L’opinion publique est déjà avec nous. Ce sont seulement les politiciens, les médias, les administrateurs et l’administration de cette université qui sont aveugles, morts et muets face à la demande d’un impératif moral émanant de nos étudiants.
Il s’agit d’une capitulation crapuleuse face à la pression extérieure. Les étudiants n’en voulaient pas. La faculté ne le voulait pas. Ce sont des forces extérieures qui l’ont voulu : les politiciens, les médias – qui ont honteusement omis de rapporter une grande partie de ce qui se passe réellement ici et qui ont exagéré les incidents au lieu d’examiner la situation dans son ensemble.
Je ne veux pas parler davantage des médias. Il ne s’agit pas de sécurité et de confort. Il s’agit d’un génocide perpétré avec de l’argent américain et des armes américaines contre un peuple qui vit sous occupation depuis des générations. C’est de cela qu’il s’agit vraiment. C’est de cela qu’il s’agissait pour les étudiants et c’est de cela qu’il s’agit pour le corps enseignant et le personnel pour la justice en Palestine.
Ce dont nous sommes témoins en termes de répression policière n’est qu’une infime partie de ce que les personnes sous occupation en Palestine vivent depuis 56 ans.
Nous sommes des enseignants et des employés qui pensent que nos étudiants devraient être en sécurité – tous nos étudiants devraient être en sécurité. Mais le droit de manifester, le droit à la liberté d’expression et la liberté académique sont bafoués à l’heure où nous parlons. Les protocoles universitaires, les dispositions prises par cette université depuis 1968 pour faire face à ces situations, ont été balayés de manière arbitraire par cette administration en réponse à des pressions extérieures. Honte à cette administration.
Je le répète une fois de plus : Il ne s’agit pas de Columbia, de CCNY, de Berkeley, de UCLA ou de tout autre endroit où les étudiants se sont soulevés. Il s’agit de la conscience d’une nation qui s’exprime à travers vos enfants, à travers des jeunes qui risquent leur avenir, qui risquent la suspension, l’expulsion et l’arrestation criminelle afin de réveiller les gens dans ce pays. C’est absolument essentiel.

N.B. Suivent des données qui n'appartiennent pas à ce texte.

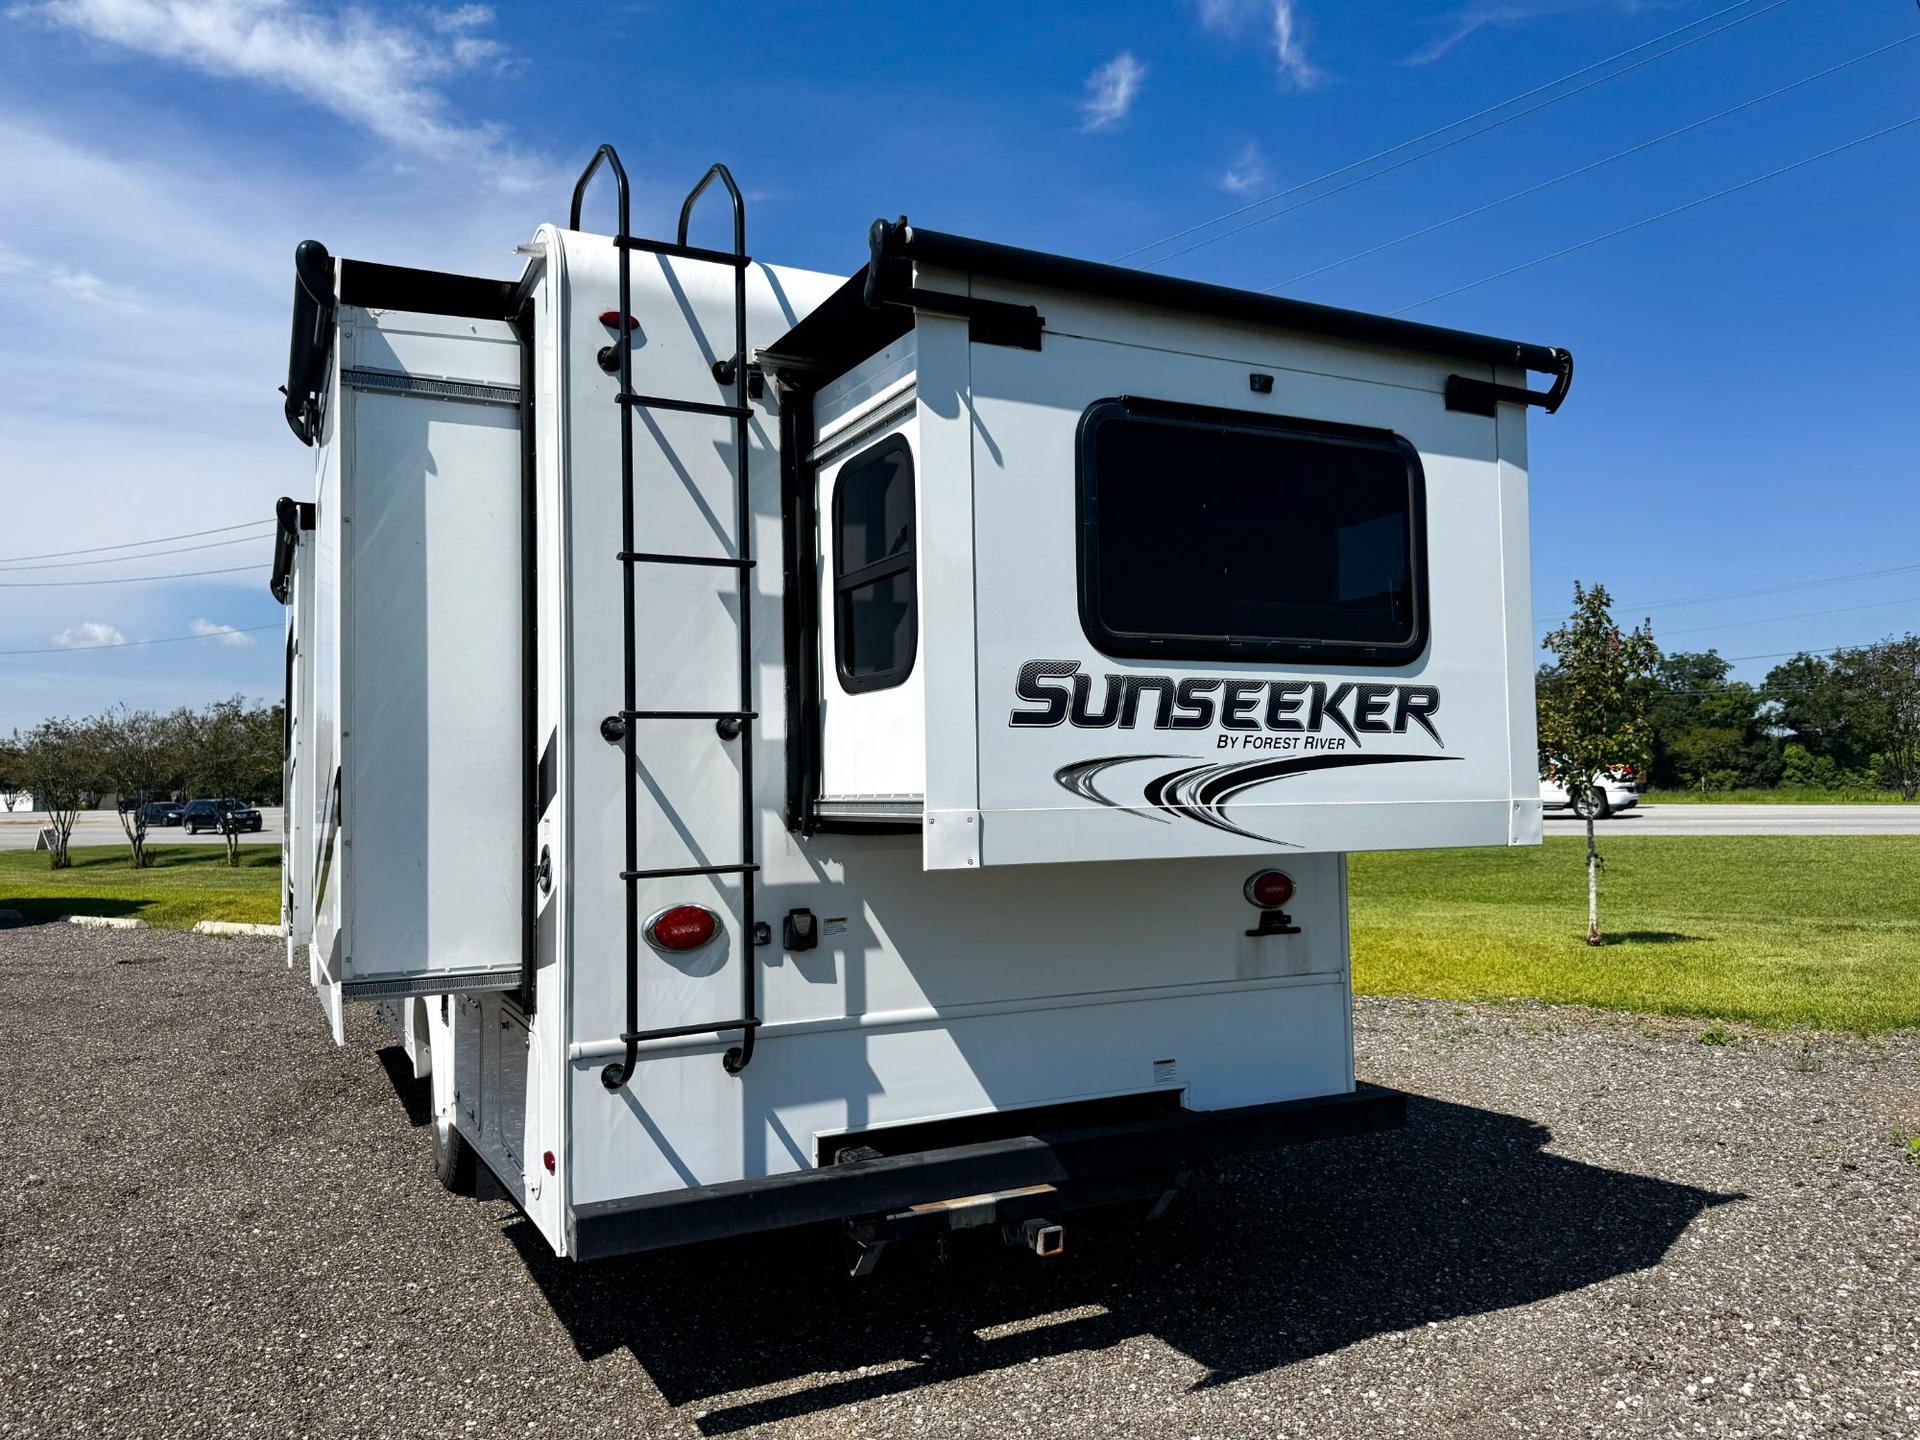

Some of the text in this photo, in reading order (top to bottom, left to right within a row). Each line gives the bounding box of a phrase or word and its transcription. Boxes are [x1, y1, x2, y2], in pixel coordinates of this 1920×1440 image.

[1009, 659, 1444, 748] SUNSEEKER
[1217, 734, 1346, 750] BY FOREST RIVER

L’opinion publique est déjà avec nous. Ce sont seulement les politiciens, les médias, les administrateurs et l’administration de cette université qui sont aveugles, morts et muets face à la demande d’un impératif moral émanant de nos étudiants. Je vous remercie de votre attention.

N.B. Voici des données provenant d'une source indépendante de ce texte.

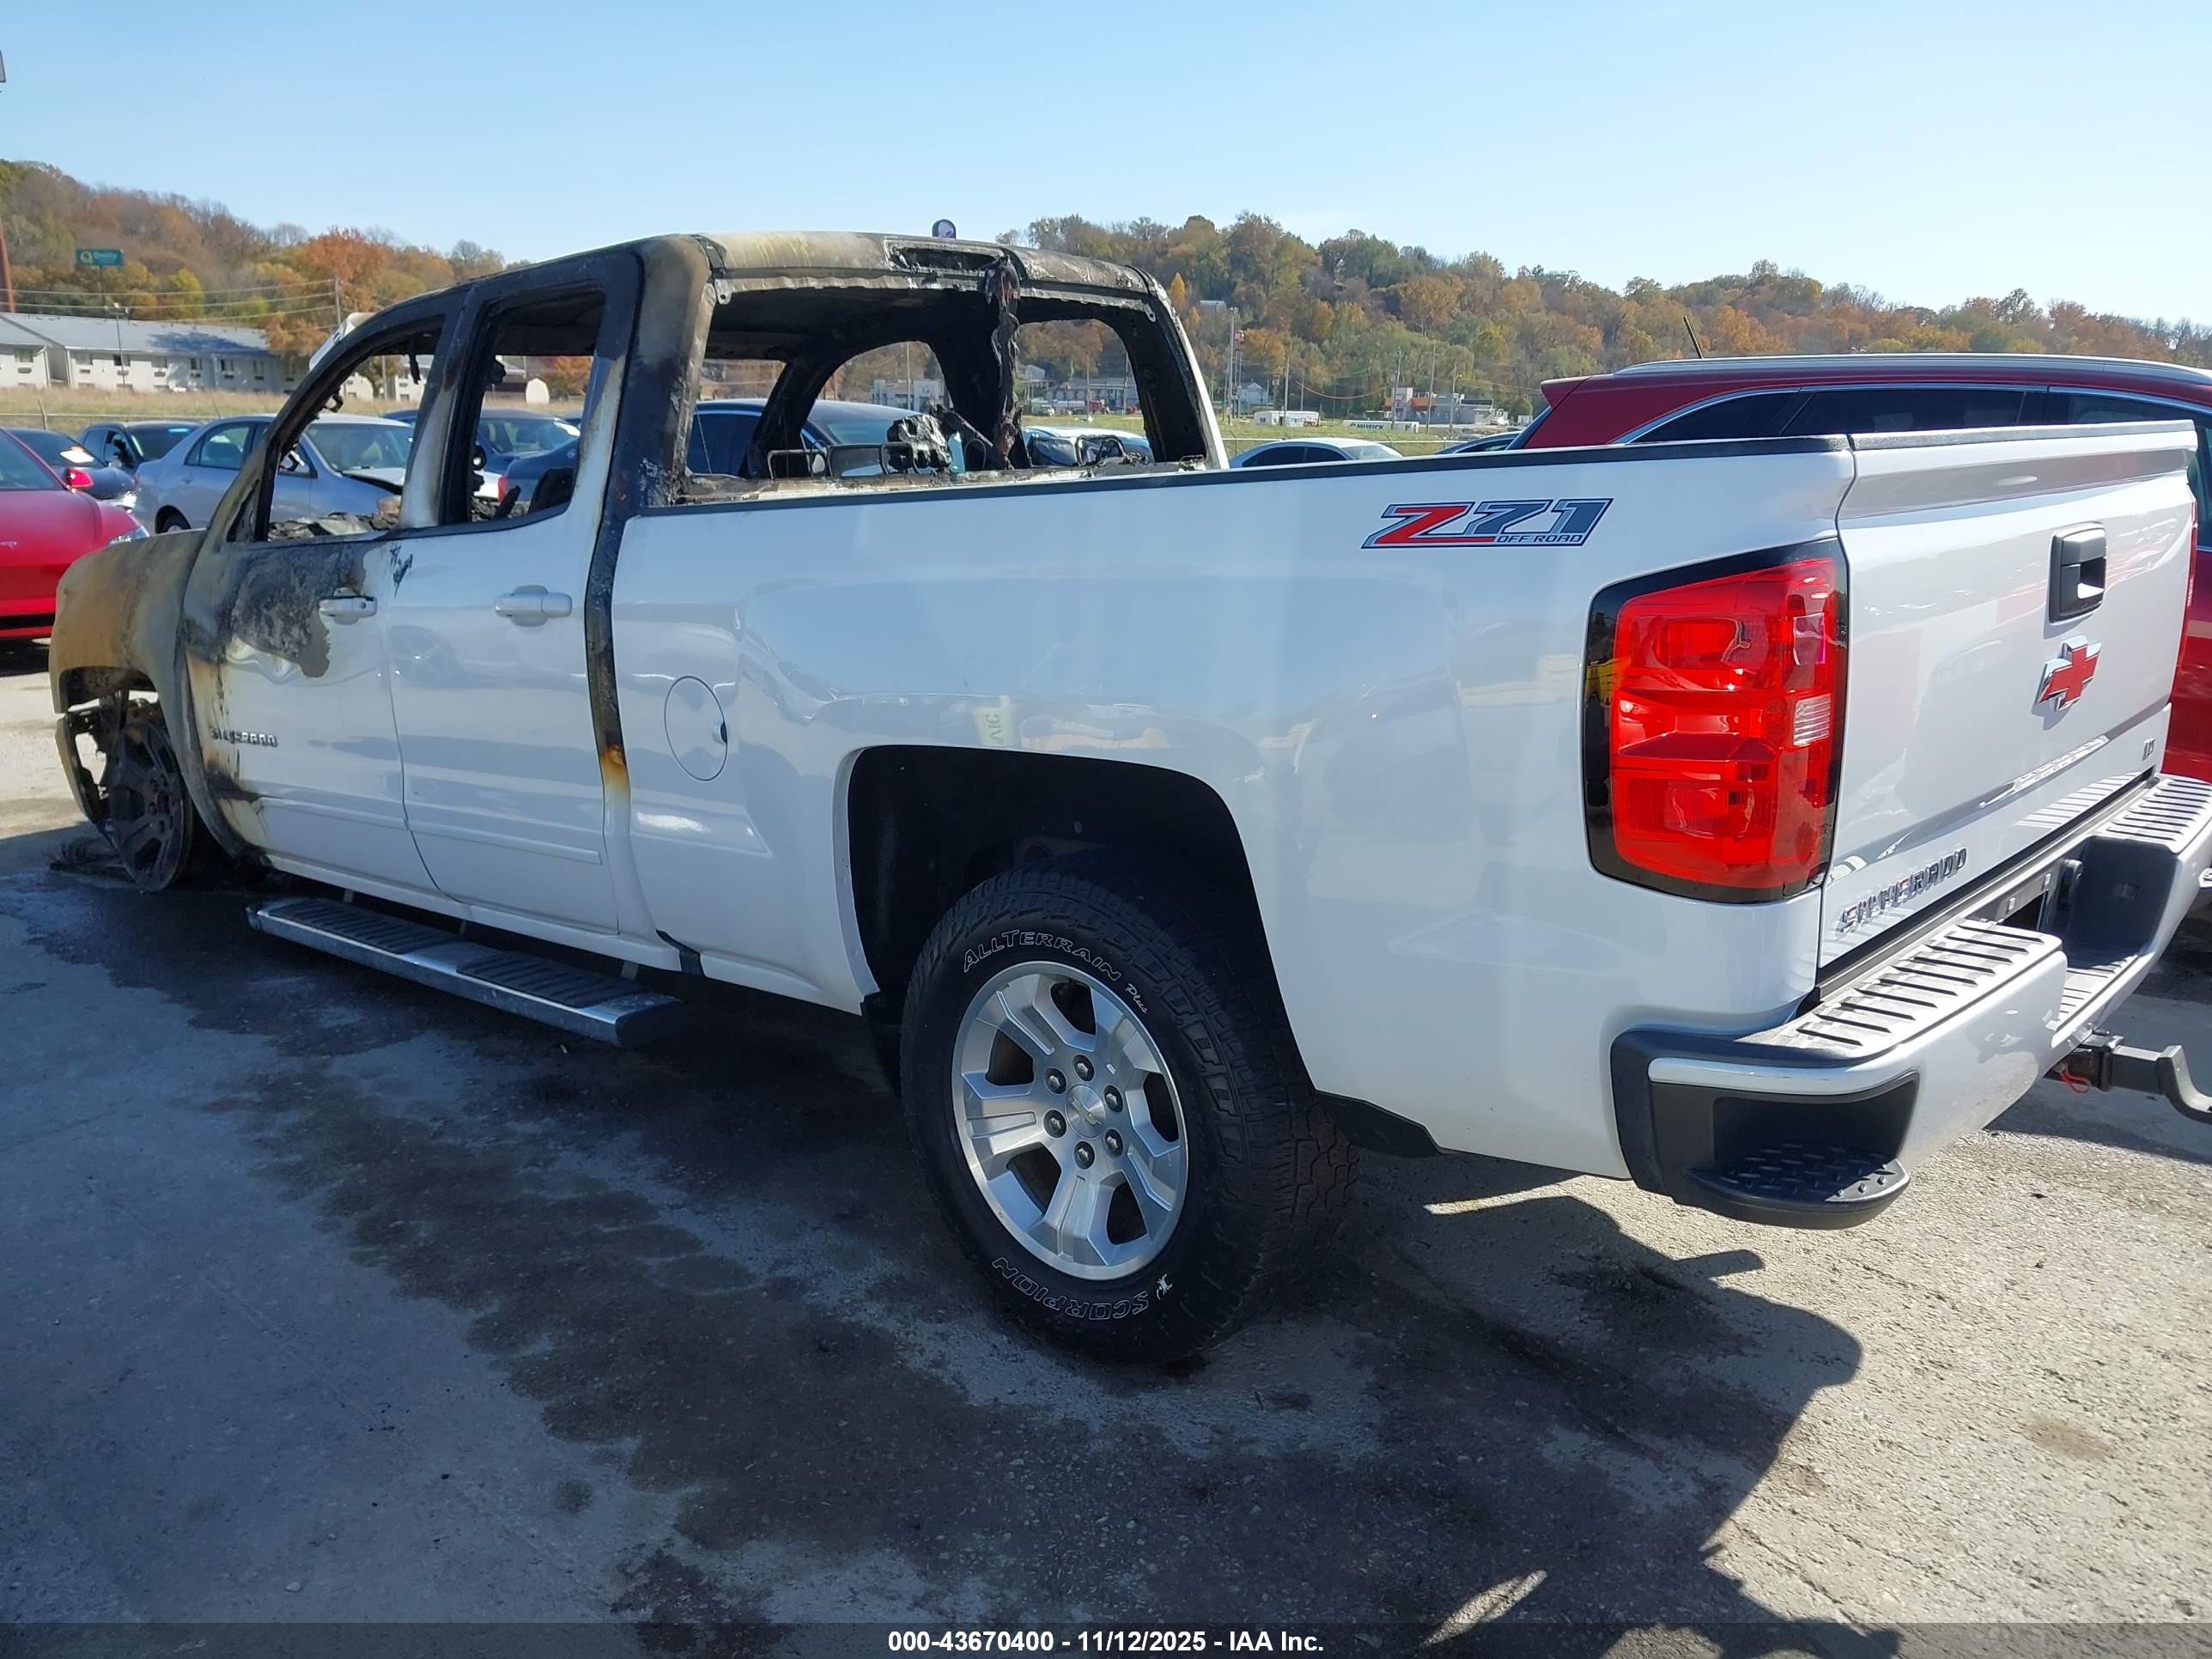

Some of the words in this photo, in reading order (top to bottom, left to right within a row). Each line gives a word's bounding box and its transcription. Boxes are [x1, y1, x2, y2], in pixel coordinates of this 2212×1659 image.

[1360, 497, 1614, 550] Z71
[1496, 534, 1532, 544] OFF
[1534, 533, 1583, 543] ROAD
[963, 929, 1121, 981] ALLTERRAIN
[1125, 982, 1148, 1014] Plus
[991, 1256, 1149, 1320] SCORPION

Rashid Khalidi est titulaire de la chaire Edward Said d’études arabes à l’université de Columbia et rédacteur en chef du Journal of Palestine Studies. Il a été conseiller de la délégation palestinienne lors des négociations israélo-palestiniennes de Madrid-Washington en 1991-1993. Son livre le plus récent est « Brokers of Deceit ».